== RECORDED INFORMATION ==
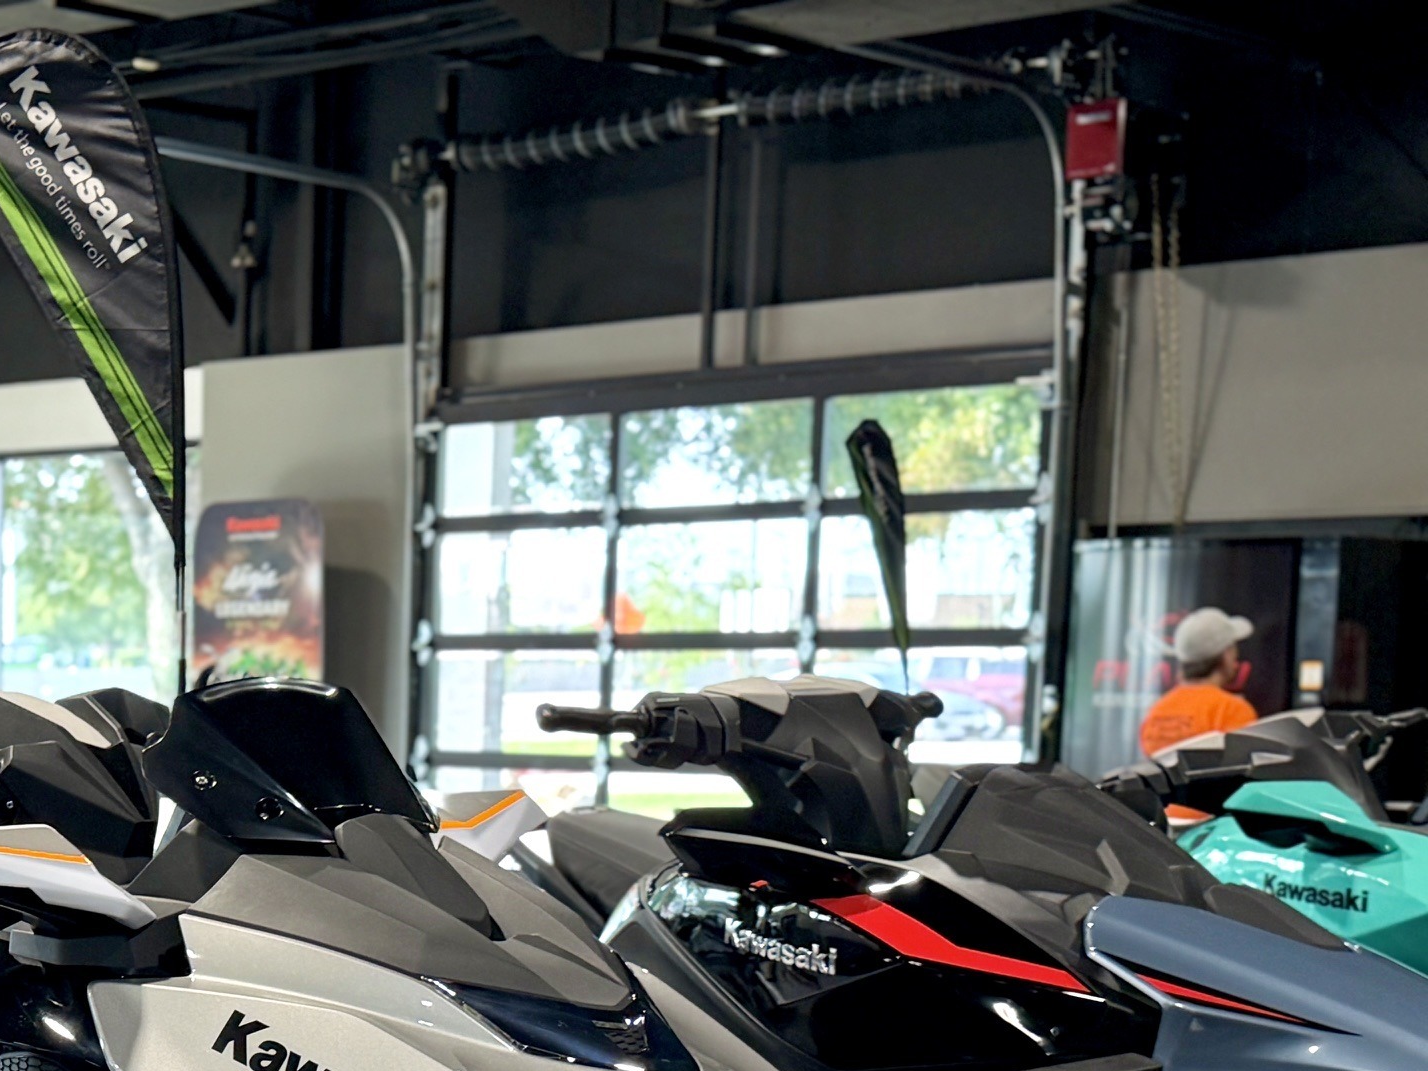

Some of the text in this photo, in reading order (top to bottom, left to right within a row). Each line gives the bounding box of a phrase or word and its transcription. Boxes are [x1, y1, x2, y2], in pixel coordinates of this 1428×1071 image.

[8, 64, 148, 264] Kawasaki
[13, 129, 36, 157] the
[25, 156, 63, 197] good
[54, 196, 87, 241] times
[1263, 872, 1370, 913] Kawasaki
[724, 917, 838, 976] Kawasaki
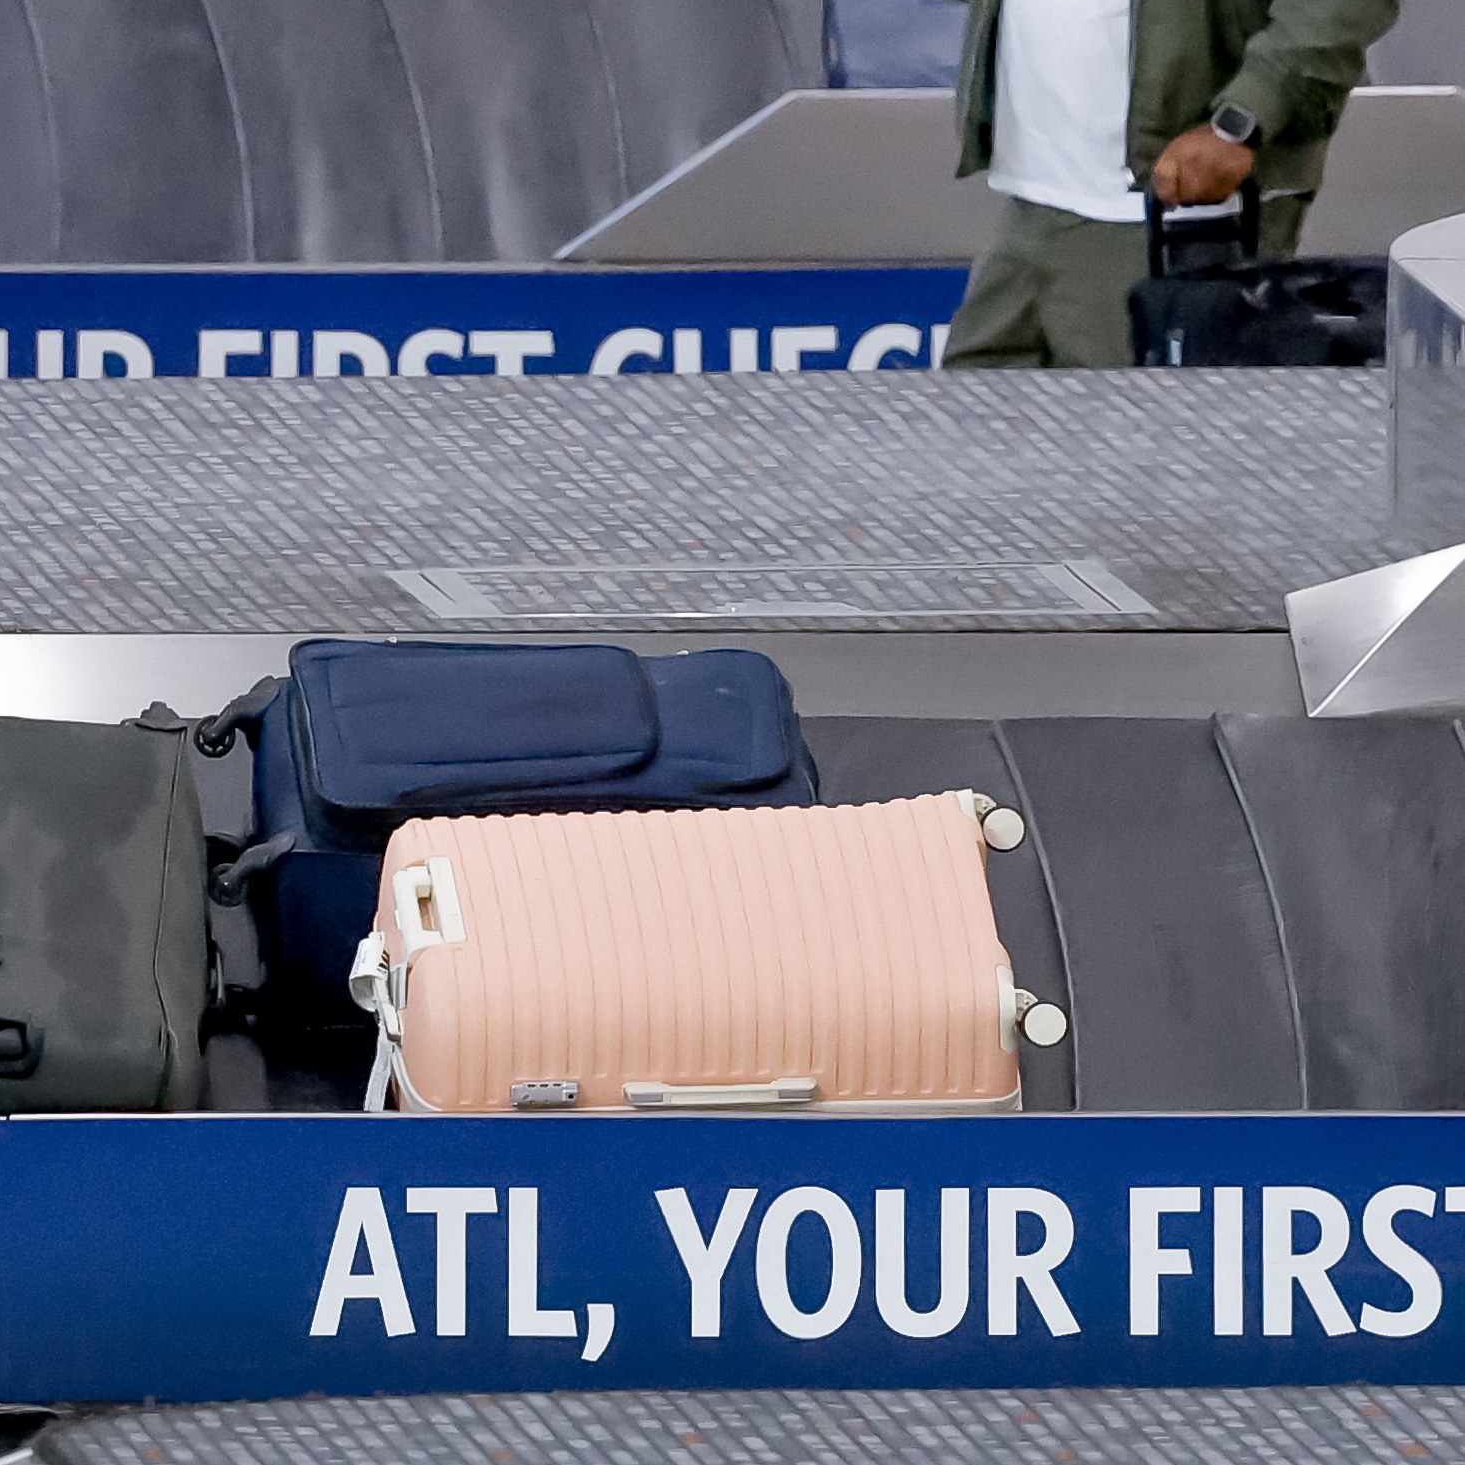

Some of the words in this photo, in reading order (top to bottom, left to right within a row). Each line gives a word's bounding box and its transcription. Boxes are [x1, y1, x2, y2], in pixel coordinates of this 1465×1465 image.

[309, 1187, 615, 1362] ATL,
[653, 1186, 1082, 1340] YOUR
[1129, 1184, 1465, 1337] FIRS
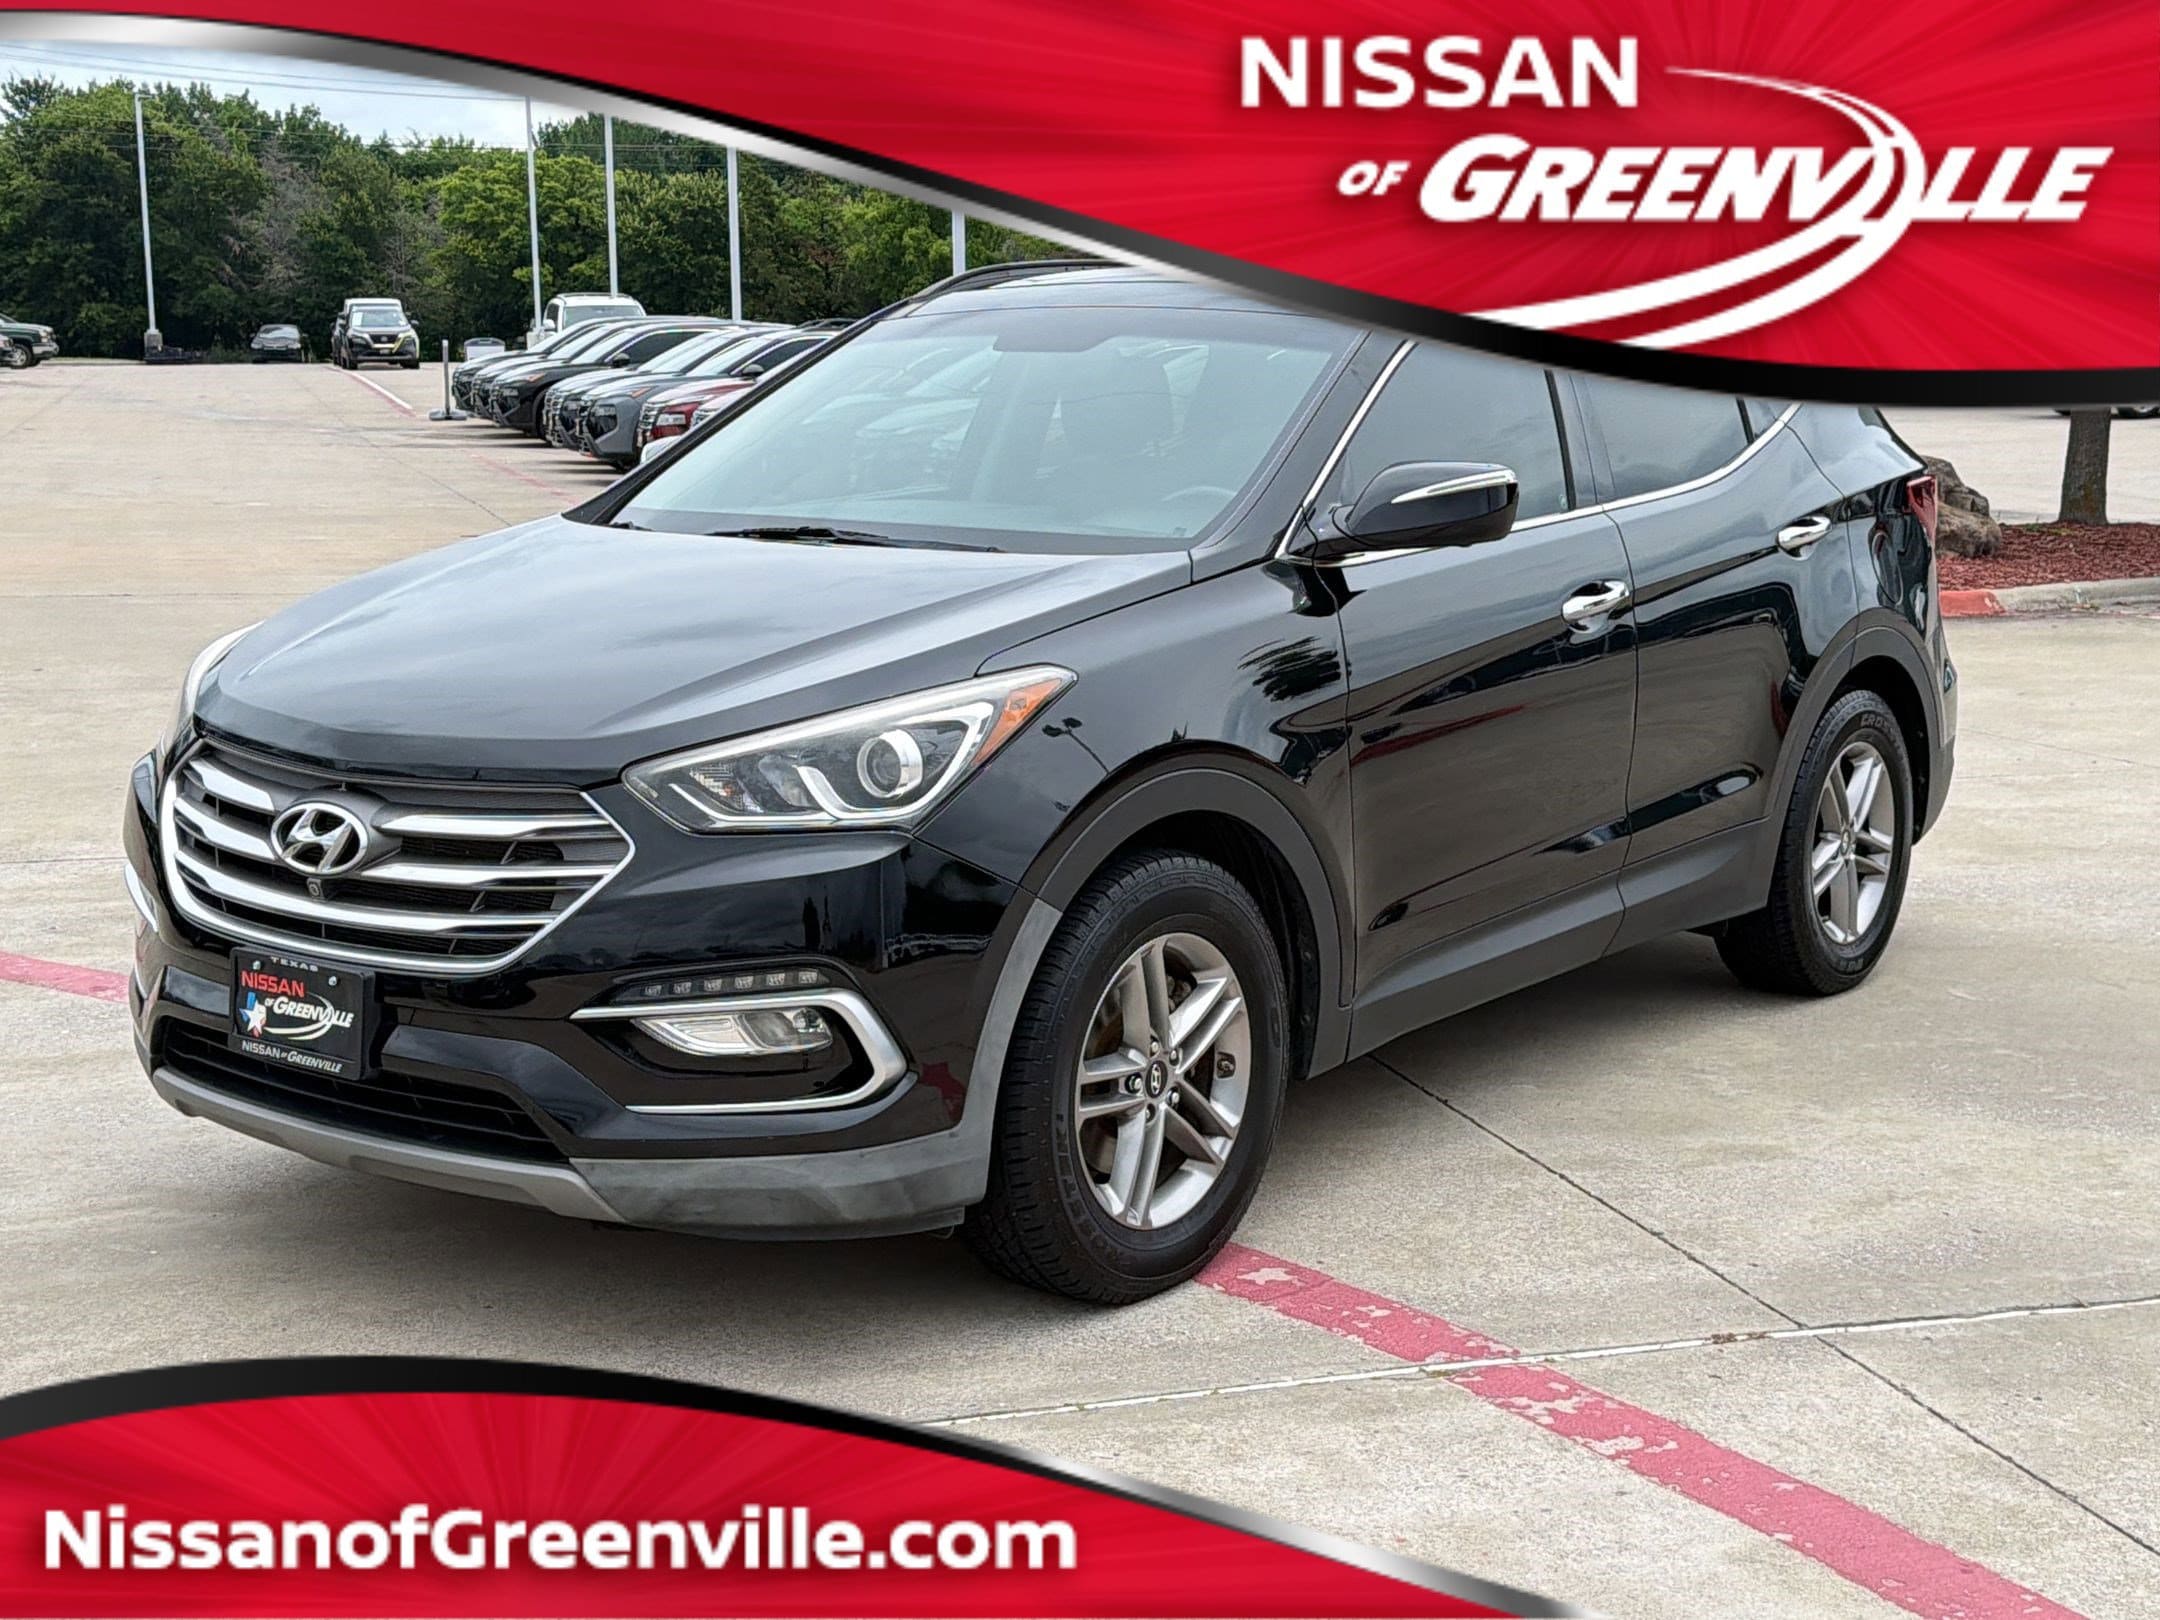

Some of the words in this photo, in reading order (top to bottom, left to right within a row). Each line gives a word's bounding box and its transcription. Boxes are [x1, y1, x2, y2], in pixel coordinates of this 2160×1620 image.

[270, 956, 319, 972] TEXAS
[241, 970, 305, 998] NISSAN
[273, 996, 355, 1028] GREENVILLE
[241, 1040, 281, 1059] NISSAN
[287, 1050, 343, 1073] GREENVILLE

== TASK BRIEF ==
Exactly the lines from the one containing "this 2160×1620 image." to the final line of the data, both included, should be printed, and nothing more.

== ANSWER TO THE EXERCISE ==
Some of the words in this photo, in reading order (top to bottom, left to right within a row). Each line gives a word's bounding box and its transcription. Boxes are [x1, y1, x2, y2], in pixel coordinates of this 2160×1620 image.

[270, 956, 319, 972] TEXAS
[241, 970, 305, 998] NISSAN
[273, 996, 355, 1028] GREENVILLE
[241, 1040, 281, 1059] NISSAN
[287, 1050, 343, 1073] GREENVILLE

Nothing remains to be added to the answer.